Wednesday, August 4, 2004

Visual Filing?

I was teaching a student the other day using my "picture file" to assess his English speaking level. After the lesson, I was filing my pictures back in their accordion folder, when it dawned on me I had no "system" for filing these pictures. I just shuffled them together and then slid them into random slots. What a lazy mess. How, I asked myself, could I keep images in order? How do you file images, without simply giving each one a verbal tag, I mean?

The question came inot more focus when I recalled my Google searches for the icons here on my blog. For example, I had to ask for "icon" + "augustine" and see what came up. As long as the image provider had a word or two connected to the images, I could track them down. As you know, I certainly couldn't select a basic *visual* fragment that would then come up in other images.

But why not? Why couldn't we, for example, enter a stereotypical nose icon, or even a certain kind of nose, into, say, Google (or into a police suspect database!) and see what images match it? What categories could we use to put images in order? Geometric? Chromatic? Anatomical? Based on shading? Based on frequency of occurrence? Could we devise a coherent "visual alphabet" for navugating through huge picture databses and photo archives, especially when they lack verbal tags? Or is filing a purely verbal activity?

My best guess is that the apparently innate ability of humans to recognize and classify faces would offer a solution. even if we can't verbalize it, we all have a basic idea of features that make someone look "old" or "dangerous" or "friendly" or "sad," and so forth. So, while the *categories* we use to file faces into are verbally denoted, it seems the facial traits themselves are immediately *and nonverbally* recognizable. If it's ever devised and made workable, I think this technology shouild be called a "Platonic Query," or something like that. Maybe a "Trope Search."

Now that I think of it, this filing system gets into some very deep philosophical waters. Let's talk metaphysics, shall we? We all know what a chair should look like even without a verbal description. "A picture is worth a thousand words." We also pretty well recognize immediately -- unless its at some indefinite boundary between one thing and another -- whether a thing is one thing and not another. Would you have any hesitation to say this is a dog and that is a spoon? (I hope not!) The human mind is such that we know what things are almost without having to think or speak about it.

This feature of the mind provided one of the strongest intutive defenses of Plato's theory of forms (metaphysical realism), according to which, very briefly, there are real, immutable, perfect, abstract "universals" or "forms" of which every concrete thing is but an imperfect manifestation. Every circle is but a dim realization of some perfect circle every geometrician dreams of. Given our innate sense of forms, we know we've erred as soon as we start to draw a triangle when we mean to draw a circle, or when we start to make a mess when we mean to make a ceramic bowl. We know this chair is a chair because, in some mysterious way, we know what "Chair" is. Or so the realists would have it.

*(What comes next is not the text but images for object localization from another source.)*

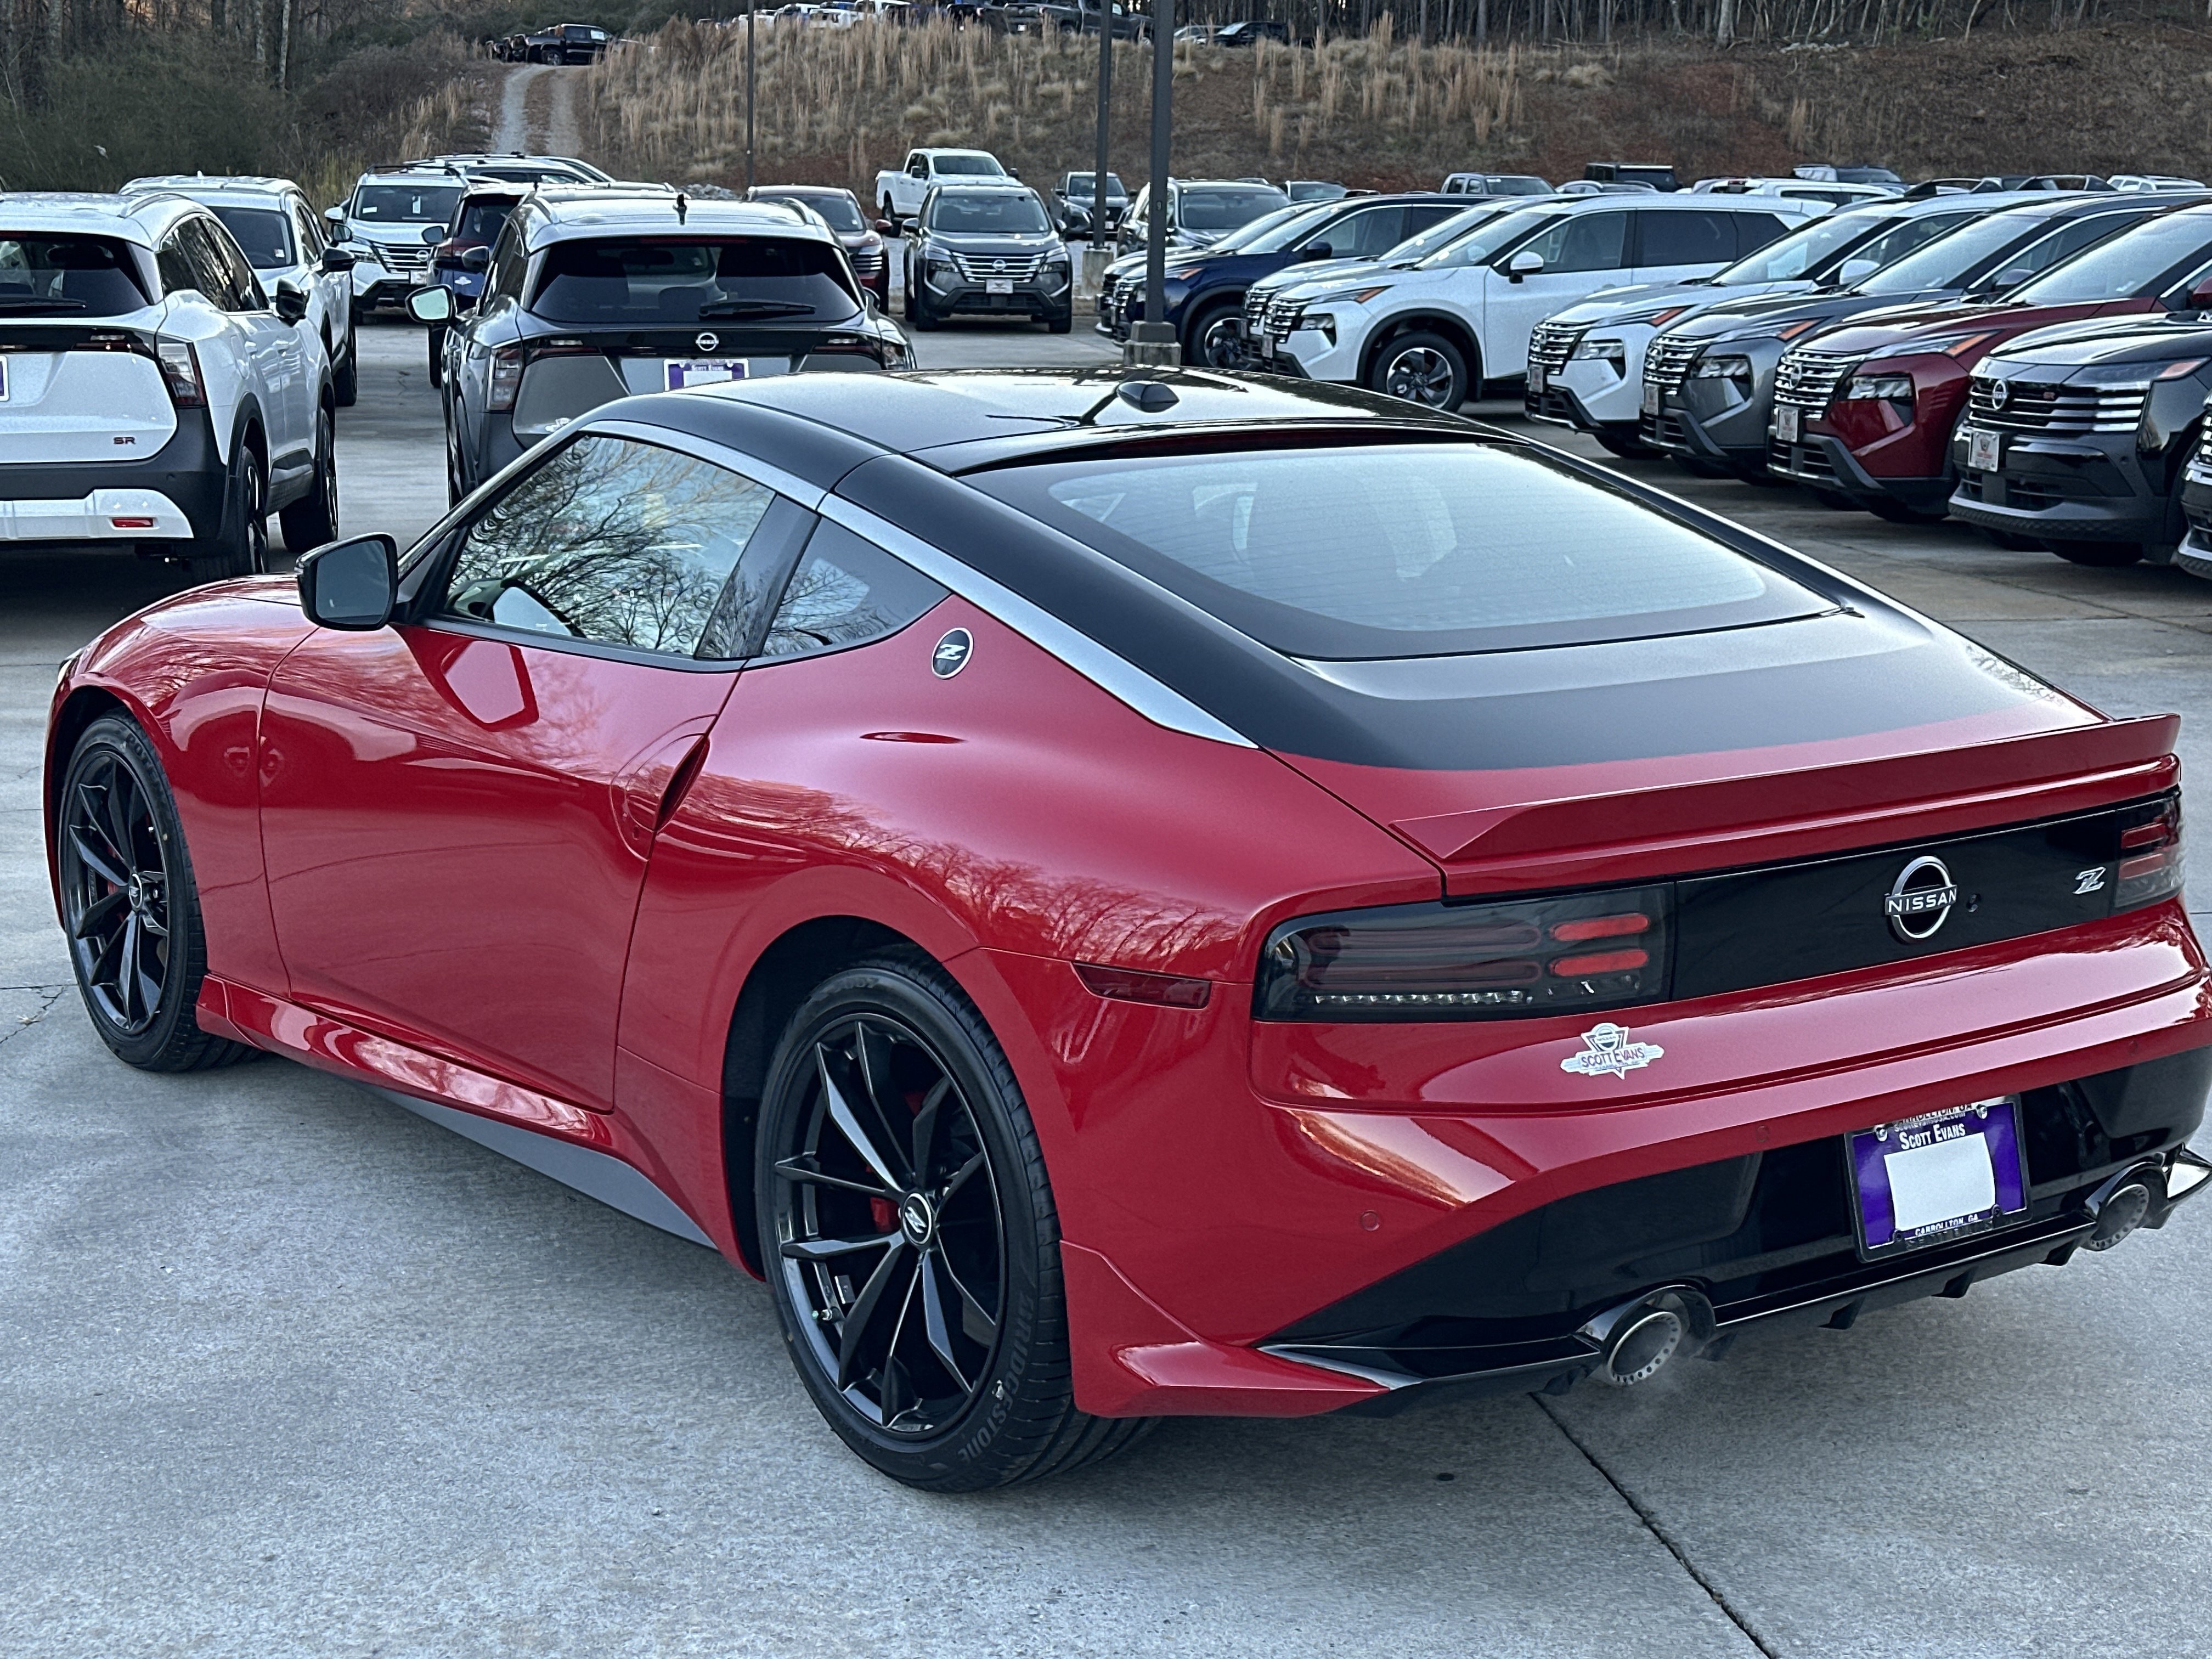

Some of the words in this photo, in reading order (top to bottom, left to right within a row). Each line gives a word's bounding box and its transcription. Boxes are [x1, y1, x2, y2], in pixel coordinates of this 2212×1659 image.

[2073, 866, 2106, 894] Z
[1888, 888, 1956, 912] NISSAN
[1581, 1052, 1612, 1068] SCOTT
[1613, 1047, 1645, 1063] EVANS
[1899, 1130, 1932, 1150] SCOTT
[1933, 1123, 1966, 1143] EVANS

Realism's historical nemesis is called nominalism, a theory (defended perhaps most notably by Parmenides, William of Ockham and W.V.O. Quine) that says there are only particular, concrete things that we arbitrarily put into classes based on similar traits. Hence, a chair is a chair only "nominally" because we call it that. We know this chair is a chair because, well, we already know by experience that this chair looks and feels and acts a lot like another thing we've already called a chair. As we gain more experience, the class of chair expands until we can recognize a chair in even the most bizarre art deco, or even in splintered heaps.

A more modern theory of being, standing uneasily somewhere between realism and nominalism, is called trope theory, according to which there are real, abstract things, but each one is totally unique. There is a form of Red -- but only because that one form is based on a particular red object, X. X's redness is indeed a perfect, abstract, repeatedly recognizable entity, but it does not partake of some higher Ideal Redness. Each thing is a form unto itself, and each class of things is a nominal grouping based on similarities between these trope-forms.

At any rate, this (my?) visual filing system would rely on a databse of common tropes. You could, I imagine, look for "light red ball" and then narrow it down even further. Already, though, as you can see, this is collapsing into nothing but a really really specific verbal search engine with lots and lots of, let's be honest, real-world clip art.